Even today, given the current moment, a number of organizations are reaching out for single-instance training as a cure-all versus a shift to create new outcomes. And, while I absolutely agree, widespread, well-designed learning experiences are important, I am most optimistic about those organizations with CEO commitment to Diversity, Equity and Inclusion through words, staff, budget, metrics, contributions and strategic plans to bring about real and lasting shifts in the way they operate which supports lasting change.

We are fortunate to work with clients who want a Diversity Inclusion and Equity strategy and understand real change takes ongoing commitment over time.

As time passes these will be the organizations which truly transform and benefit from the lessons – positive and negative today’s challenges have provided.

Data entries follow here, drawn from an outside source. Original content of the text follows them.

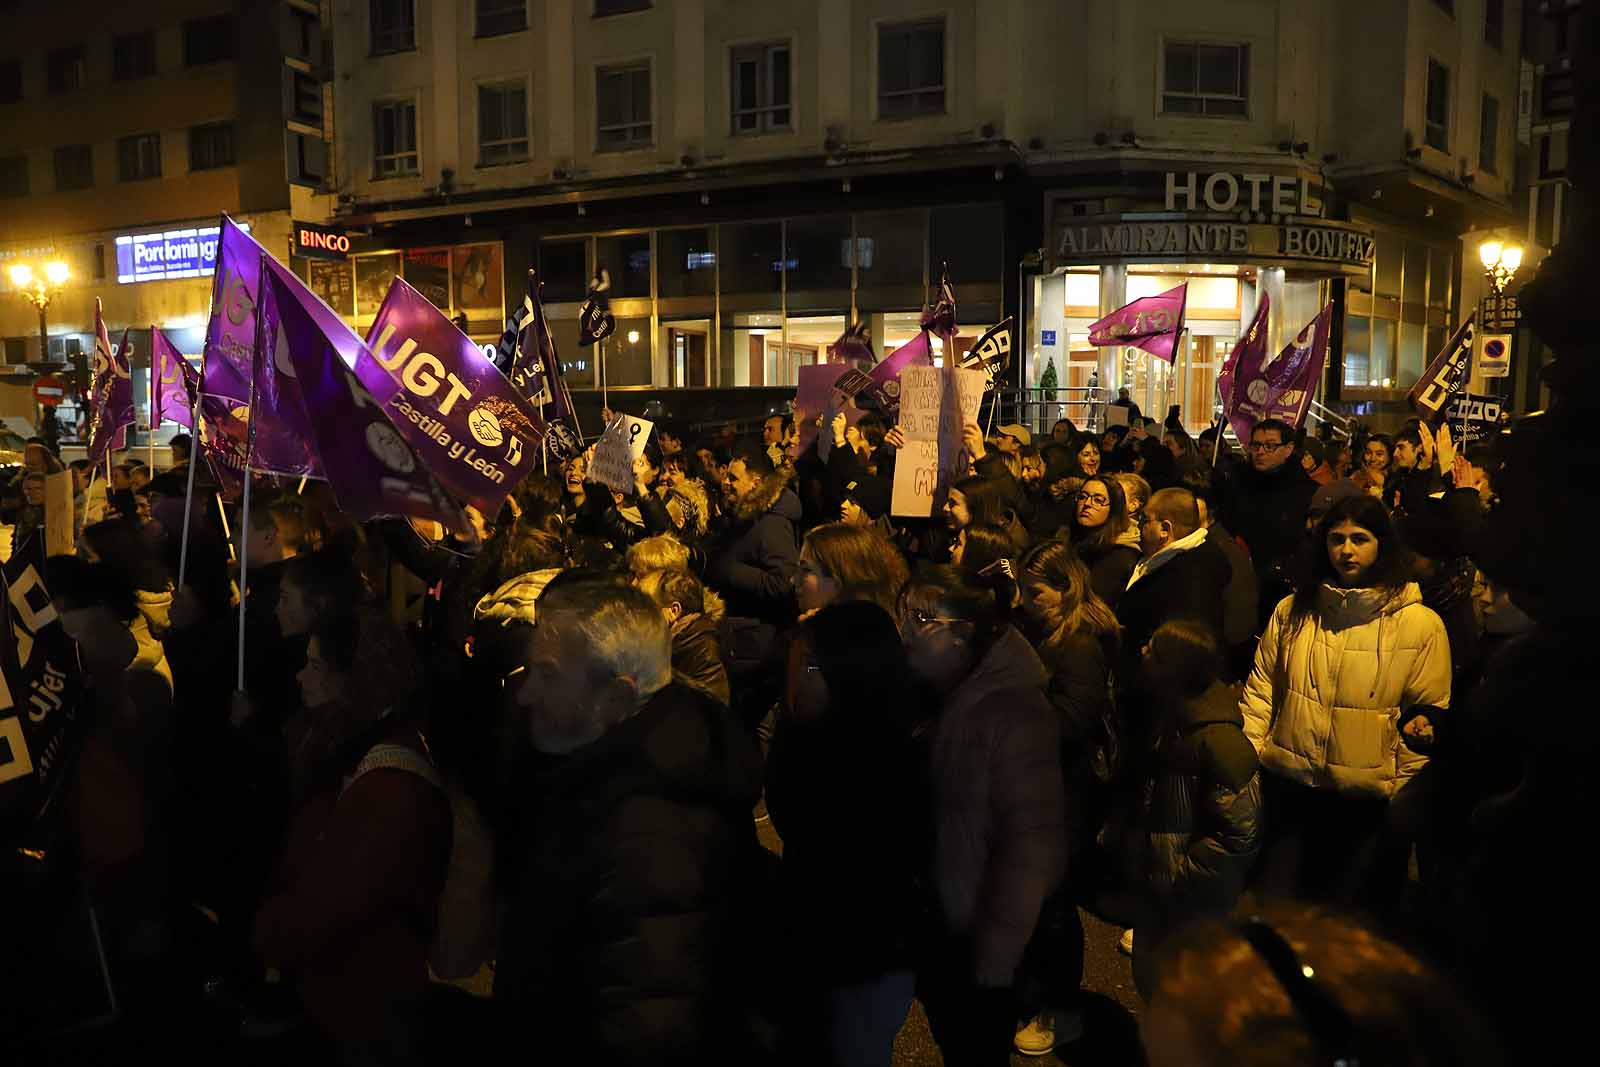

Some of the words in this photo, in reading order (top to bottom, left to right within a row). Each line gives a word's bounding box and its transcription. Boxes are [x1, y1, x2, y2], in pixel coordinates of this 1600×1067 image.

[1165, 171, 1323, 216] HOTEL
[134, 236, 219, 264] Pordoming
[300, 229, 350, 252] BINGO
[1058, 223, 1250, 256] ALMIRANTE
[1284, 226, 1375, 260] BONIFAZ
[373, 323, 472, 417] UGT
[388, 392, 451, 447] Castilla
[448, 441, 465, 459] y
[463, 448, 506, 484] León
[28, 660, 67, 722] ujer

SB: How are conversations changing?

SK: One particular client company is truly changing the conversation. They are tackling recruitment, hiring and mentoring. They are setting bold goals with clear-eyed acknowledgment of pockets of mostly people of color in lower ranks yet not in leadership. They understand that to not dig in and understand this outward oddity and unpack what it could mean, is a mistake for both their people and the community in which they operate from a recruitment and corporate citizen perspective. This is not a training program; this is a facilitated discussion about their desire for change and how to begin to imbed change and transparency in each of the processes I mentioned.

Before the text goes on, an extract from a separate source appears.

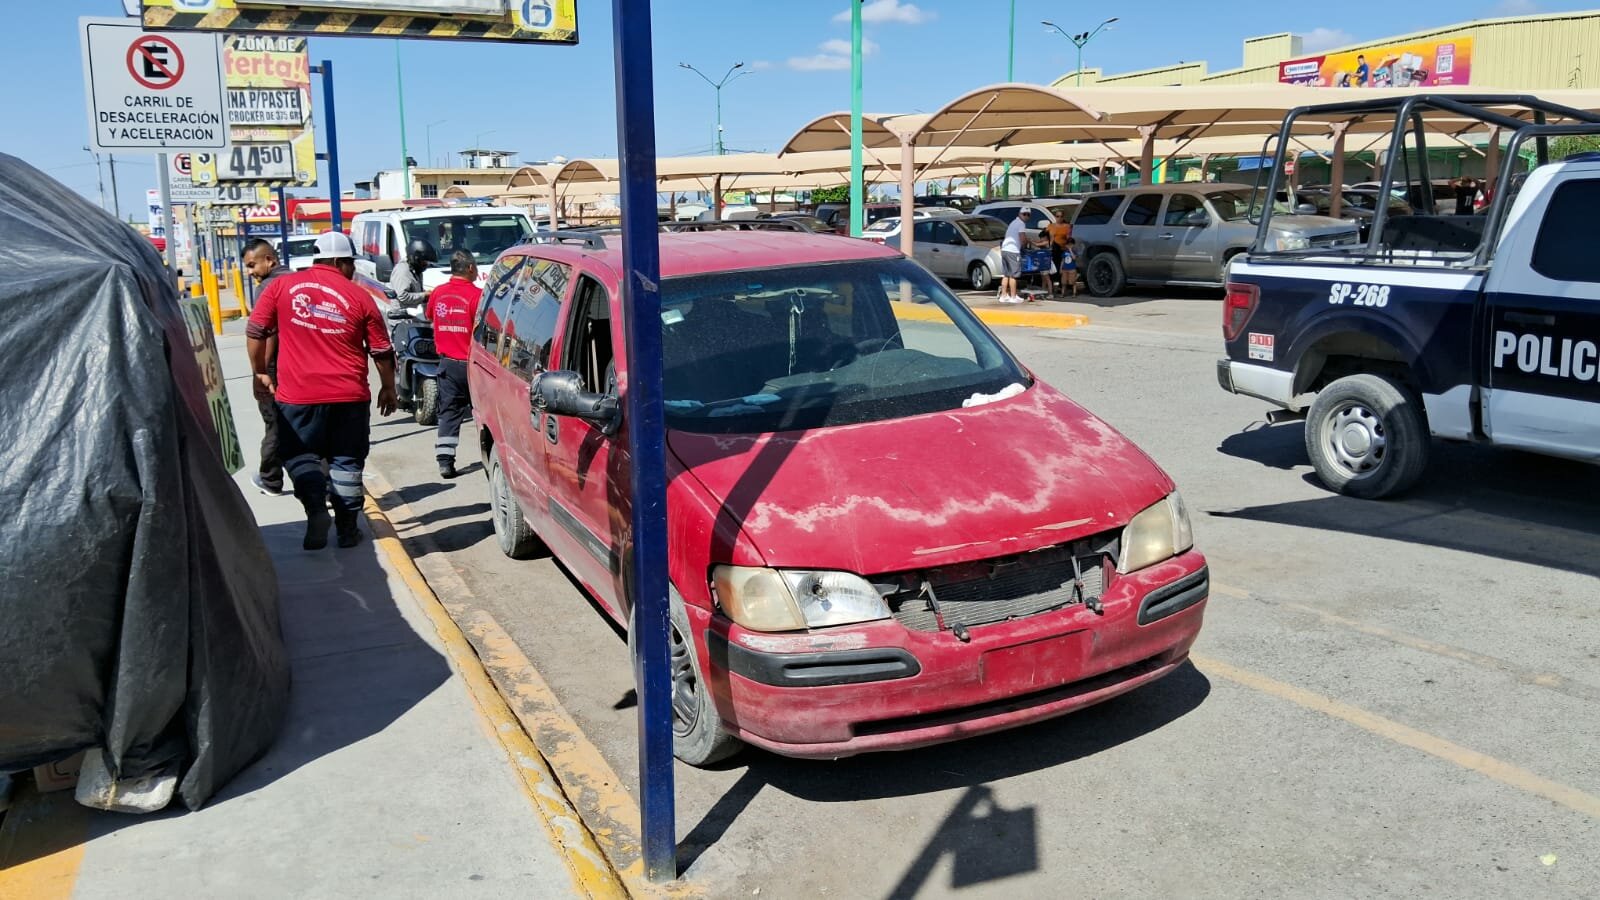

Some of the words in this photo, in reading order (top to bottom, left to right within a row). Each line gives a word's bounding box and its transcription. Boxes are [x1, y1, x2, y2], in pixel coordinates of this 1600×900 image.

SB: From your experience, what gets in the way of a leadership team making changes to embrace diversity?

SK: Today it means you have to crisis manage on multiple concurrent fronts. You need to confront yourself and your leadership team – in a very difficult time. CEO’s are aiming to keep the doors open during a pandemic crisis, and in the midst of this, there is racial unrest and intense pressures for equality and for action. The business economics are on fire as though that is not enough, for in addition, the conversation about fairness, equity or racial issues is equally, and given recent national events, also ablaze.

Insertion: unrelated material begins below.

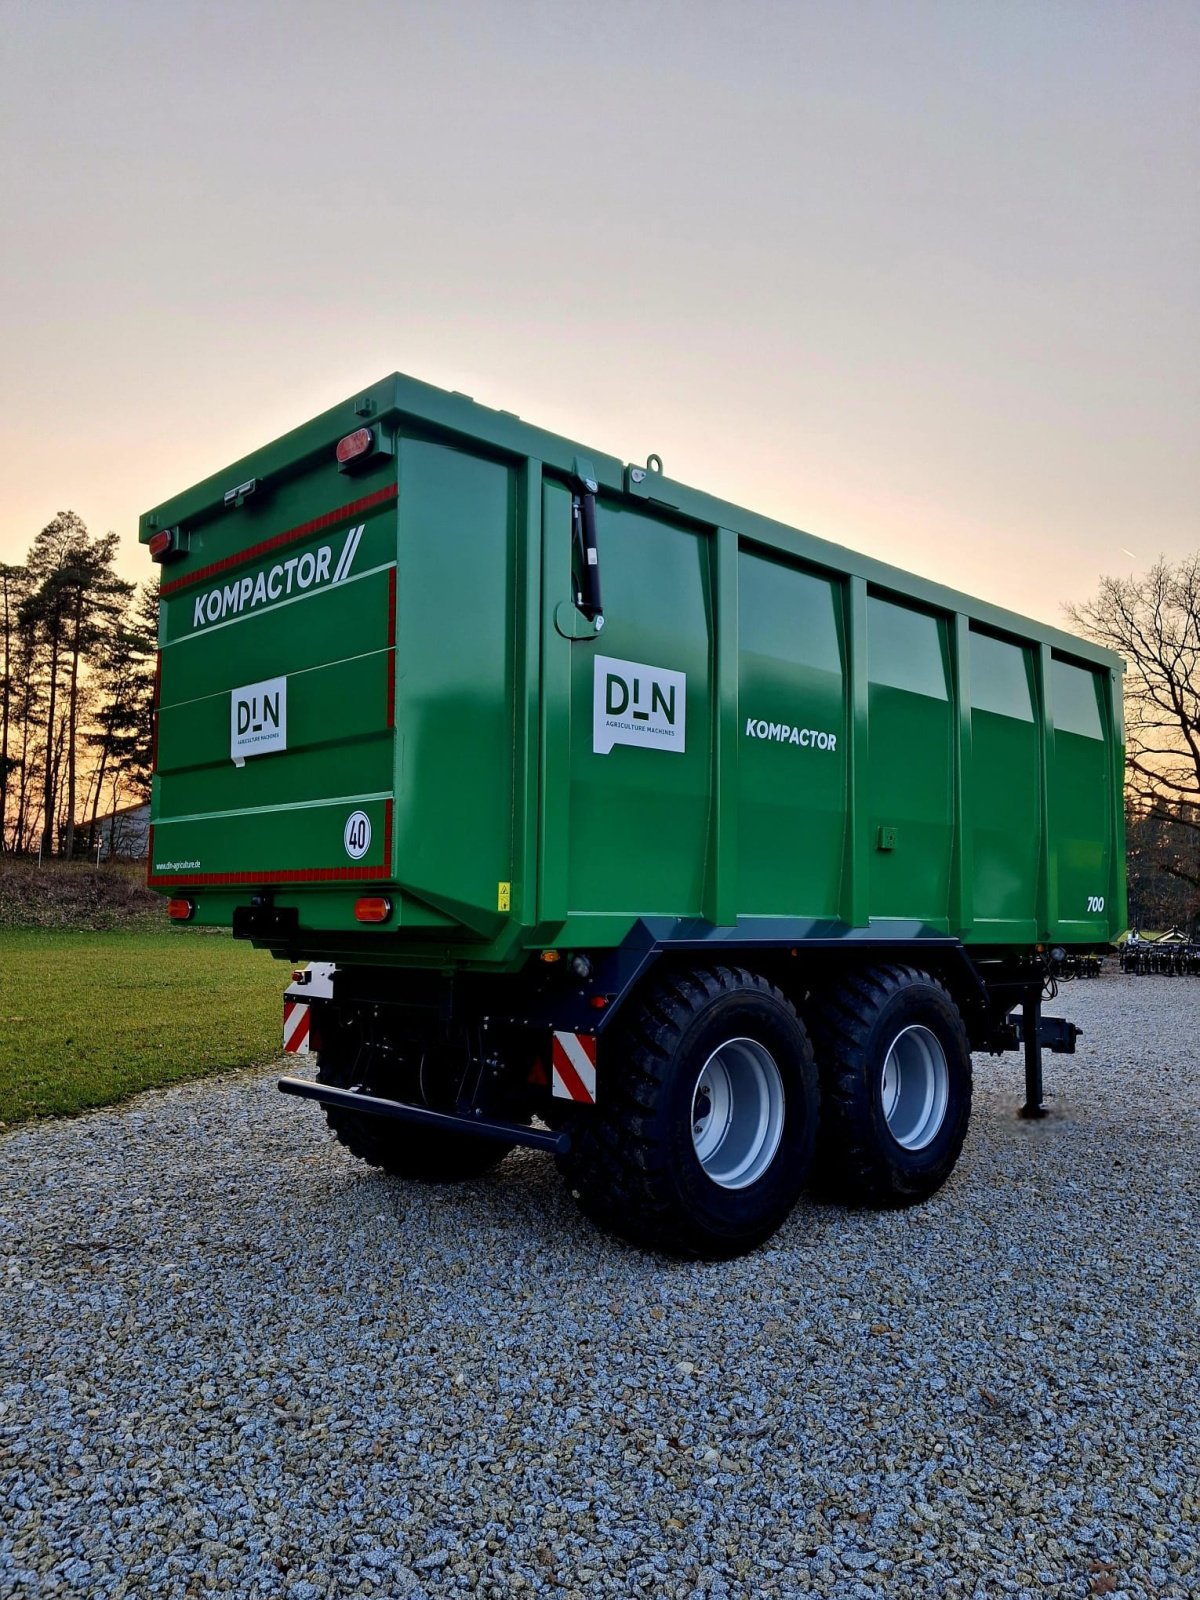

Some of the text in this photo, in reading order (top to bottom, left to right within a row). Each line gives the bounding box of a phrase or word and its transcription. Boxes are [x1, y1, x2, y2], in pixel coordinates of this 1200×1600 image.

[605, 720, 676, 737] AGRICULTURE MACHINES
[745, 718, 837, 752] KOMPACTOR
[348, 819, 366, 850] 40
[1086, 896, 1105, 913] 700

With the impact of the pandemic, companies are clearly missing their financial targets. When we say the word diversity….people have a reaction to it. We don’t react to the word finance for example. But the topic of diversity creates anxiety. We have to confront this and it means that all the emotions such as avoidance, anger, belief change, or personal styles come into play and are so varied that it is truly difficult to manage all of this.

Our best chance for real change is to think differently now than how we did before. Imagine we consciously rotate in successful problem solvers from non - HR areas of the business to grapple with and bring new perspective to diversity and inclusion as a business objective. Then, we may even see the candidates for diversity officer coming from your own bench of talent. Maybe the answer is on the inside and not on recruiting someone from the outside.

SB: What are the needs you are fulfilling for your clients today?

SK: There are two types of needs we are fulfilling. One includes intensive unconscious bias training with hands on exercises. This is intended to raise the awareness of unconscious conclusions we reach about each other – and the implications to our work environment. We are humans who operate in a manner that could create inequities. We train employees and their leaders. What kind of decisions do you make about hiring, discipline, work assignments or an upcoming promotion? How does unconscious bias show up today?

Another client asked us to work with their internal diversity council to determine the charting out of diversity goals. We look at survey data, interviews and manager perspectives. One client is predominantly female, so the target has been to diversify hiring with male hires. The goal has been set to expand and diversify the talent pool in order to broaden the candidate slate.

SB: What is your recommendation for our reader?

SK: Resist the simple solutions, dig deeper. Have your leadership team ask themselves who they want to be and how do they want to serve. How does your diversity fit with your desire to engage multiple perspectives and innovative solutions so that you can compete more effectively?